Still, one of the reasons why she'd decided to locate her business in Minneapolis was because it was so close to all this wilderness. She might not be able to enjoy it every day, but on weekends she could go out and fly for hours without seeing a soul. And there was something in her that was thrilled by this wild land, in a way that the farm fields of her childhood, although pleasant, had not excited her. Some deep primitive place, in the back of her brain, told her she'd come home.

Now if she only had someone to share it with. Ah,
that
was the problem. There were certainly other shifters in Minneapolis, and she'd gone to a few shifter bars and tried a few dates, but nothing ever clicked. One problem was that there weren't very many bird shifters in the area. Most of the shifters she'd met in Minneapolis were big northern animals: deer, elk, mountain lions. She'd had one utterly
disastrous
date with a buffalo, and the less said of the moose, the better.

Her mother kept asking her if she'd met a nice hawk or falcon, "or a seagull if you really must, dear". Felicity had decided not to mention that she'd been dabbling on the big-game side of the fence.

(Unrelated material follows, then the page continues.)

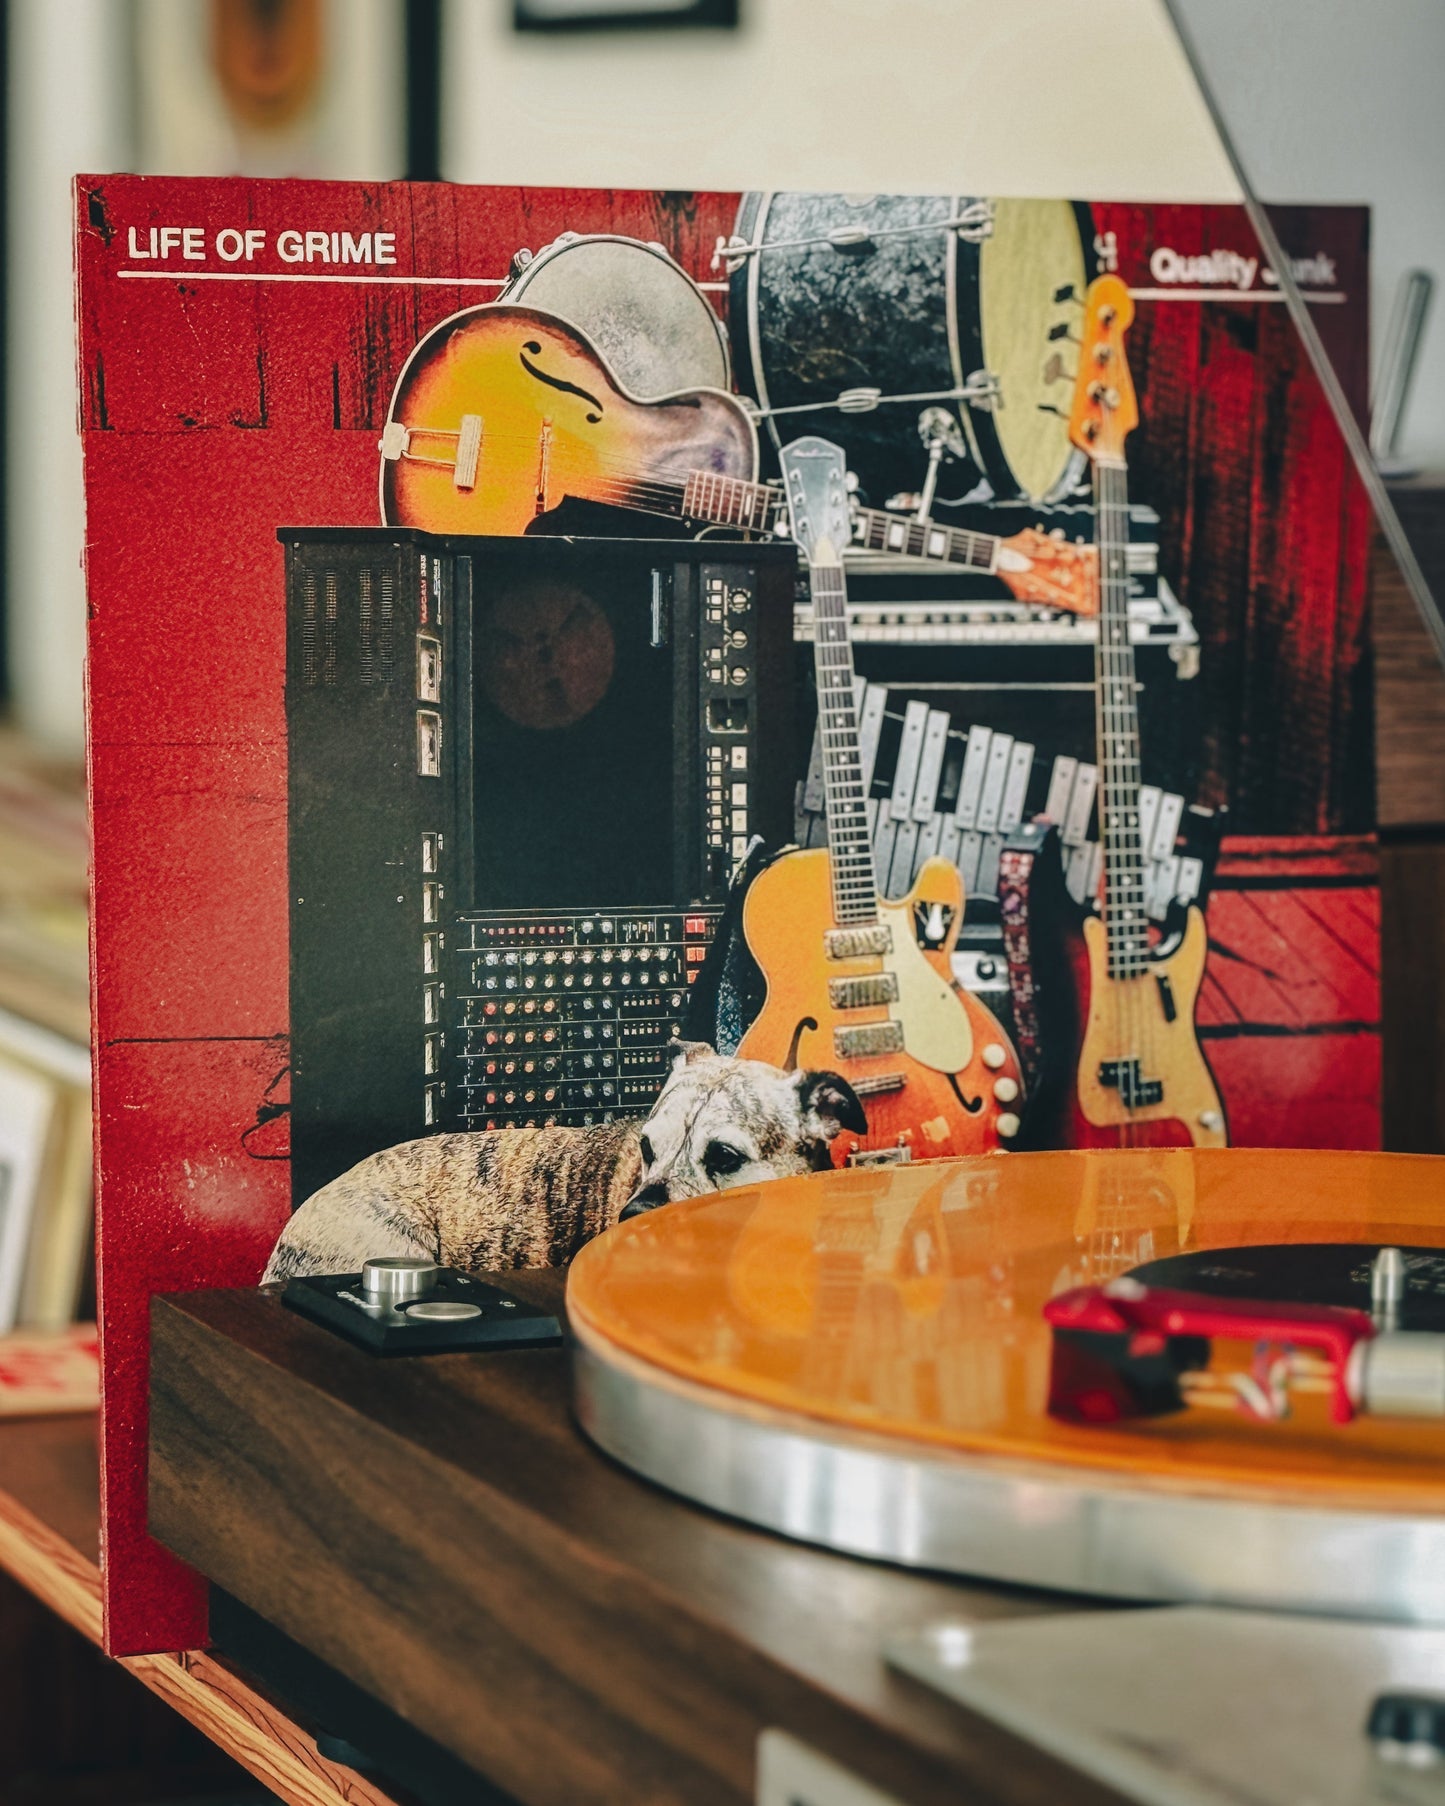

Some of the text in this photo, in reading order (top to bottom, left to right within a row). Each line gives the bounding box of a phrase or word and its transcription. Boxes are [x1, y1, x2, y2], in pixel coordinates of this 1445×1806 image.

[128, 226, 398, 264] LIFE OF GRIME
[1151, 248, 1258, 290] Quality
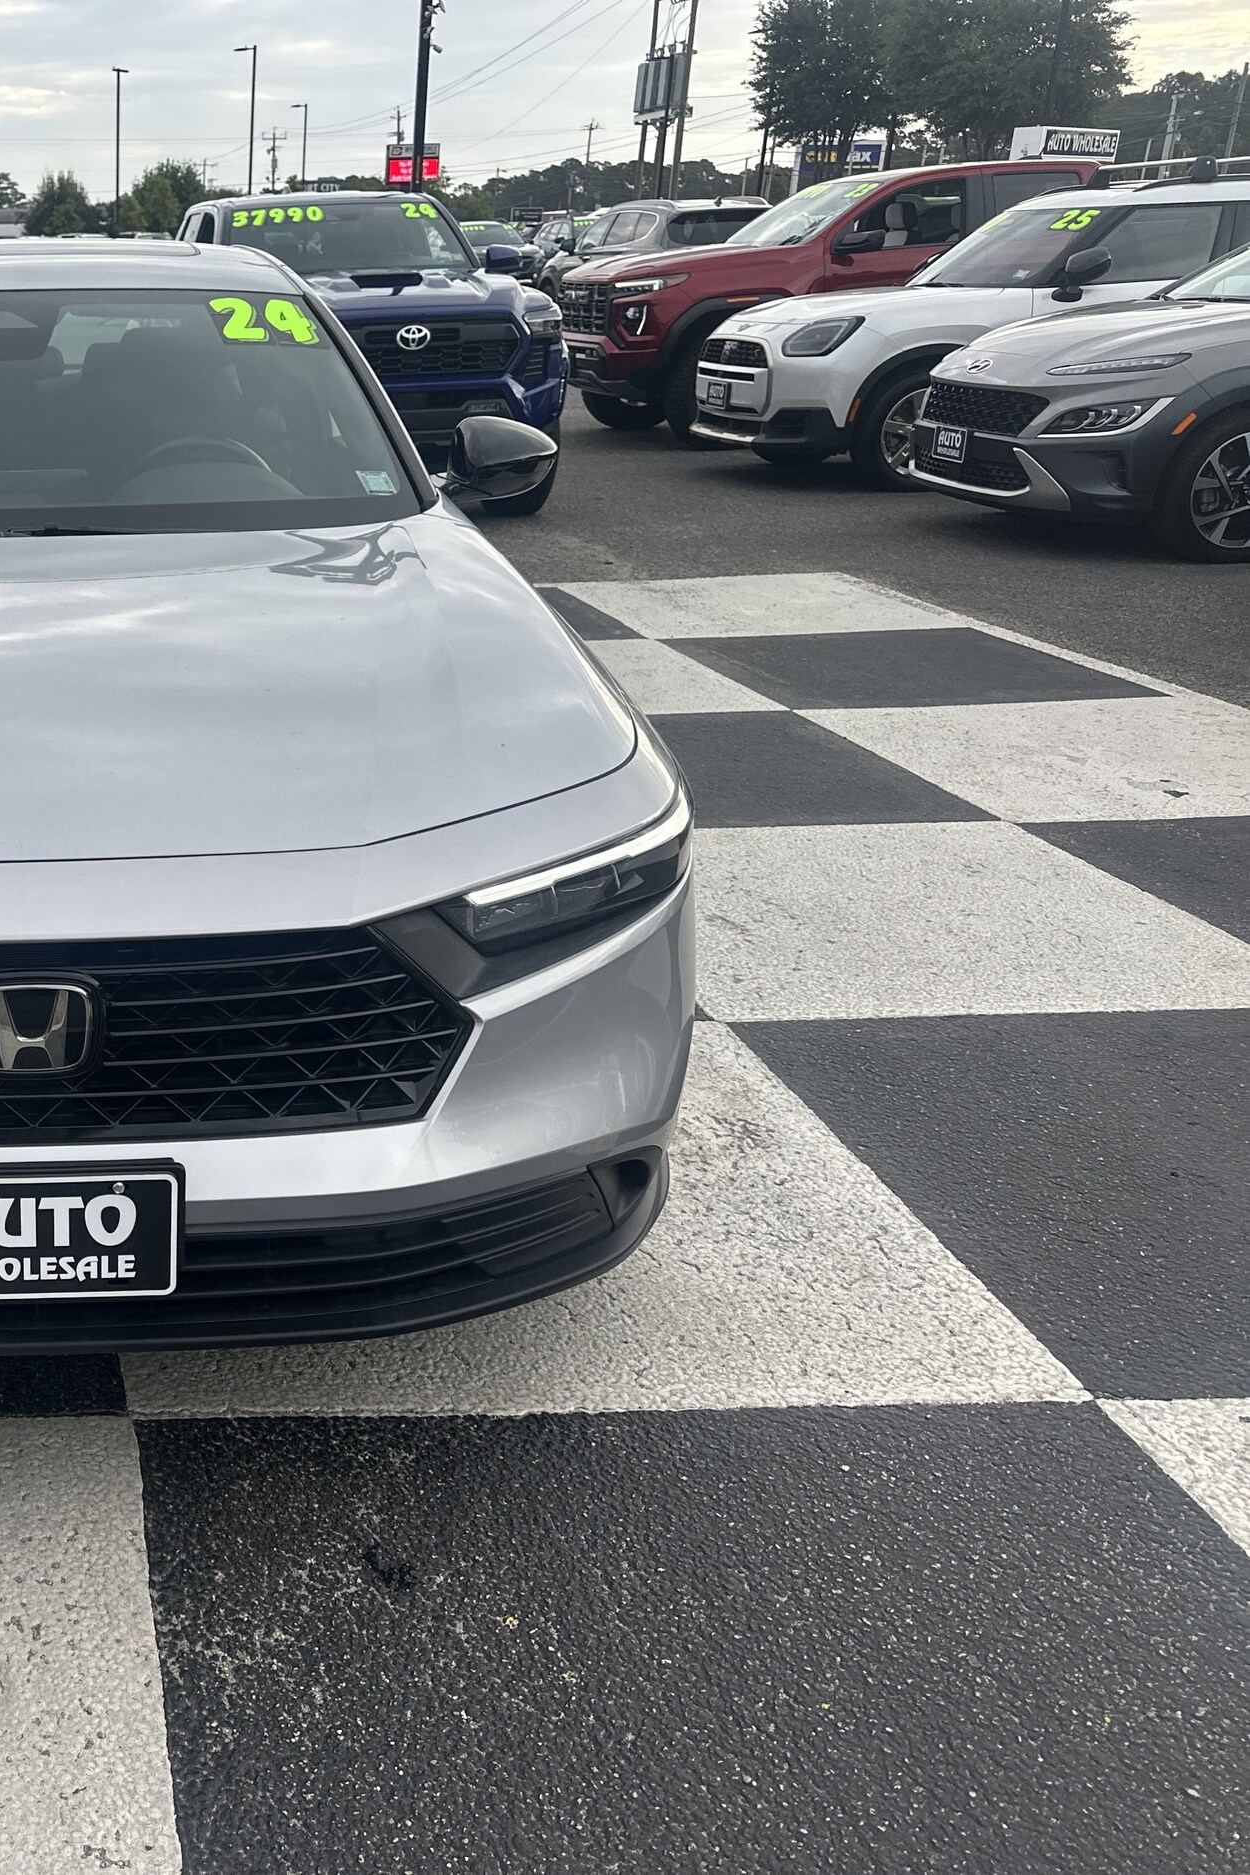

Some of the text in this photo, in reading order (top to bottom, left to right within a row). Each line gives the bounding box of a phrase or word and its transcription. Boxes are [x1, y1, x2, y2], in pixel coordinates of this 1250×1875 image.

Besides, it wasn't like she'd met anyone she liked anyway. Maybe her mother was right, and a relationship with someone other than a bird shifter could never work out. Landbound shifters, her mother said, could never understand the needs of a bird shifter.

She was always half-hoping, in her flights around the northern part of the state, that she might meet some more bird-of-prey colonies to expand her dating options somewhat.

Seagulls. Honestly, Mother. She'd rather date a ... a
bear
.

Not a moose, though.

***

By early afternoon she was becoming aware of a shift in the weather that made her nervous. The wind had changed, blowing down from the north, and there was a sharp, wintry chill in it. Scattered clouds had been gathering all morning, playing hide-and-seek with the sun. Now they'd knit together into a gray wall. It felt like late winter more than spring.

At this time of year in northern Minnesota, the weather could be dangerously unpredictable. When she'd checked on Friday, it was supposed to hold clear through the weekend, but there was a big storm system gathering on the north side of the border. It was not, at that point, supposed to come far enough south to worry about, but now she wondered. She wished for the first time since leaving the car that she had her phone, so she could check the weather app. But it was back with her clothes and everything else, completely useless to her.

It couldn't possibly snow, could it?
she wondered, anxiously looking at the sky. It was starting to drizzle. She could fly in rain, especially light rain like this, but it made her wings heavy and her reactions slower.

She really needed to find somewhere to hole up. At this point, though, she was out of her usual well-explored area around the cabin, flying over territory that was new to her. She didn't know where the good hiding places were.

The miles of woodland were broken up with small farms and hunters' cabins. Felicity spied an open clearing with a cluster of outbuildings and a barn. There might be somewhere down there where she could wait out the storm. As she swooped down, though, she glimpsed the chicken coop an instant before someone came running out of the barn, yelling and waving a shovel at her.

People weren't supposed to shoot hawks, but in this remote country, you could never be sure—not if a farmer thought you were threatening his livestock. Felicity banked and rose back into the air.

Ice-cold rain swept over her in gusts. The wind was blowing hard now, forcing water and cold air between her feathers. The effort of flying, especially fighting the wind, was helping keep her warm, but she was beginning to shiver.

Then she noticed something that made her heart trip over in her chest. That wasn't just water weighing down her feathers.

It was ice.

This wasn't a mere rainstorm. This was an ice storm, sweeping down from the Canadian Arctic. She needed to get to shelter, and fast.

Below her, the forest had begun to glisten with a coating of ice. Felicity flew lower and lower, her wings responding sluggishly. She was shaking with cold and increasingly frightened. She could wait out a mere rainstorm by landing under a tree, if she had to, but this bitter cold would leave her frozen and dead by morning.